Viral Host Interactions in Hepatitis C

丙型肝炎中病毒宿主的相互作用

• 批准号: 7600651
• 负责人: David Richard Gretch
• 金额: $ 41.78万
• 依托单位: UNIVERSITY OF WASHINGTON
• 依托单位国家: 美国
• 财政年份: 2006
• 资助国家: 美国
• 起止时间: 2006-04-01 至 2011-03-31
• 项目状态: 已结题
• 来源: https://reporter.nih.gov/project-details/7600651
• 关键词: Address; Age; Alaska Native; Alcohol consumption; American Indian and Alaska Native; Antigens; Arctic Regions; Back; Cellular Immunity; Centers for Disease Control and Prevention (U.S.); Chronic; Chronic Hepatitis C; Clinical; Clinical Course of Disease; Cohort Studies; Collaborations; Data Analyses; Databases; Disease Outcome; Disease Progression; Enrollment; Epidemiology; Evolution; Gender; Genotype; Goals; Grant; Hepatitis; Hepatitis C; Hepatitis C virus; Human; Immune response; Individual; Infection; Integration Host Factors; Investigation; Link; Liver diseases; Longitudinal Studies; Medical center; Molecular; Mutation; Outcome; Participant; Pathogenesis; Patients; Pattern; Play; RNA; Relative (related person); Research; Research Personnel; Resolution; Risk Factors; Role; Sampling; Serum; Specimen; Study Subject; Technology; Viral; Viremia; cohort; disease natural history; genetic evolution; human subject; liver biopsy; programs; prospective; response

DESCRIPTION (provided by applicant): Although the pathogenesis of chronic hepatitis C is poorly understood, recent studies implicate the dynamic interactions which occur between HCV and the infected host as key determinants of viral persistence and disease progression. Studies in humans indicate that genetic evolution of HCV to form viral quasispecies, and the strength of host CD4 and CDS response against HCV antigens are both critically linked to persistence of infection and progression of chronic liver disease. However, research confirming a direct interplay between HCV evolution and the immune responses of individual patients with specific outcomes needs to be performed. The overall goal of this proposal is to gain a better understanding of the pathogenesis of hepatitis C by investigating the relationships between HCV genetic evolution and host immune responses as they relate to resolution or persistence of infection and progression or non- progression of chronic liver disease. We will study subjects from the Alaska Native and American Indian cohort, taking advantage of a serum bank which dates back over 30 years and a large clinical and virological database compiled on approximately 1000 subjects over the past 8 years. HCV genetic evolution will be studied in the context of host immune responses in different clinical settings. Results from these studies will further our understanding of the mechanisms of HCV persistence and liver disease progression.

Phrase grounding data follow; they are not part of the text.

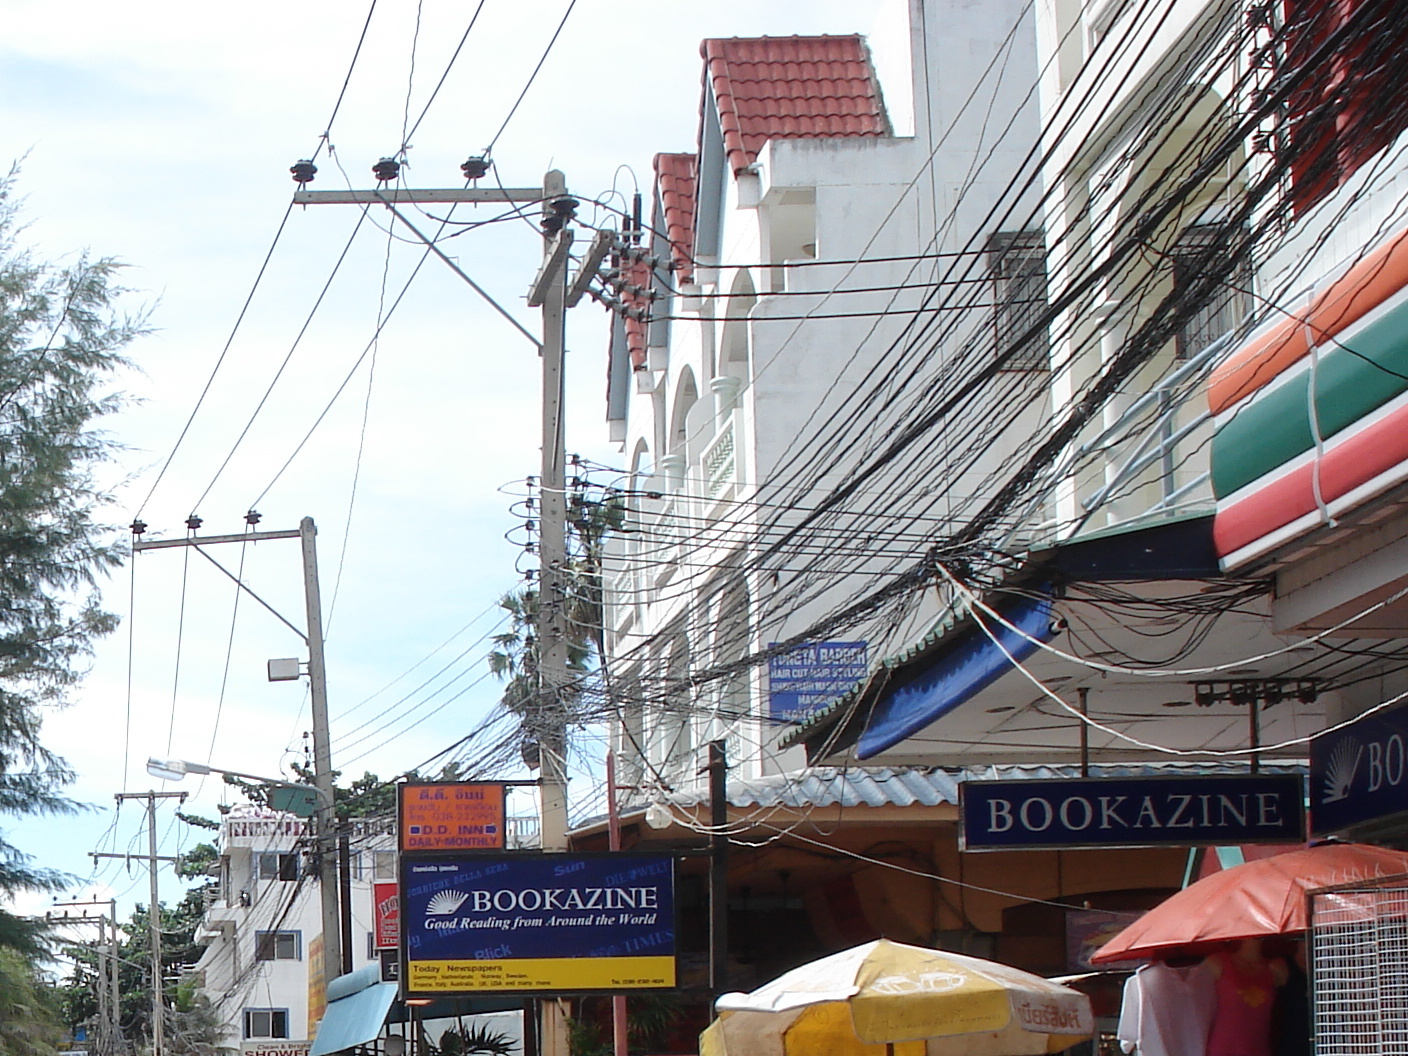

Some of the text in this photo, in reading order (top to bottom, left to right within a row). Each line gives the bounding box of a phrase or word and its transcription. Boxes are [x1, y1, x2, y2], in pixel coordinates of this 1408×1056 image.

[792, 668, 809, 678] CUT
[1368, 733, 1408, 793] BO
[987, 792, 1284, 833] BOOKAZINE
[423, 825, 483, 835] D.D. INN
[471, 886, 658, 912] BOOKAZINE
[424, 913, 657, 930] Good Reading from Around the World
[473, 944, 512, 960] Blick
[413, 964, 503, 973] Today Newspapers

描述(申请人提供)：尽管慢性丙型肝炎的发病机制尚不清楚，但最近的研究表明，发生在丙型肝炎病毒和受感染宿主之间的动态相互作用是病毒持续和疾病进展的关键决定因素。在人类身上的研究表明，丙型肝炎病毒的遗传进化形成病毒准种，宿主对丙型肝炎病毒抗原的CD4和CDS应答的强度都与感染的持续和慢性肝病的进展密切相关。然而，需要进行研究，证实丙型肝炎病毒的进化和个别患者的免疫反应之间存在直接的相互作用，并产生特定的结果。这项建议的总体目标是通过研究丙型肝炎病毒基因进化和宿主免疫反应之间的关系来更好地了解丙型肝炎的发病机制，因为它们与感染的解决或持续以及慢性肝病的进展或不进展有关。我们将研究阿拉斯加原住民和美洲印第安人队列中的受试者，利用可追溯到30多年前的血清库和过去8年中编辑的约1000名受试者的大型临床和病毒学数据库。丙型肝炎病毒的遗传进化将在不同临床环境下宿主免疫反应的背景下进行研究。这些研究的结果将进一步加深我们对丙型肝炎持续和肝病进展机制的理解。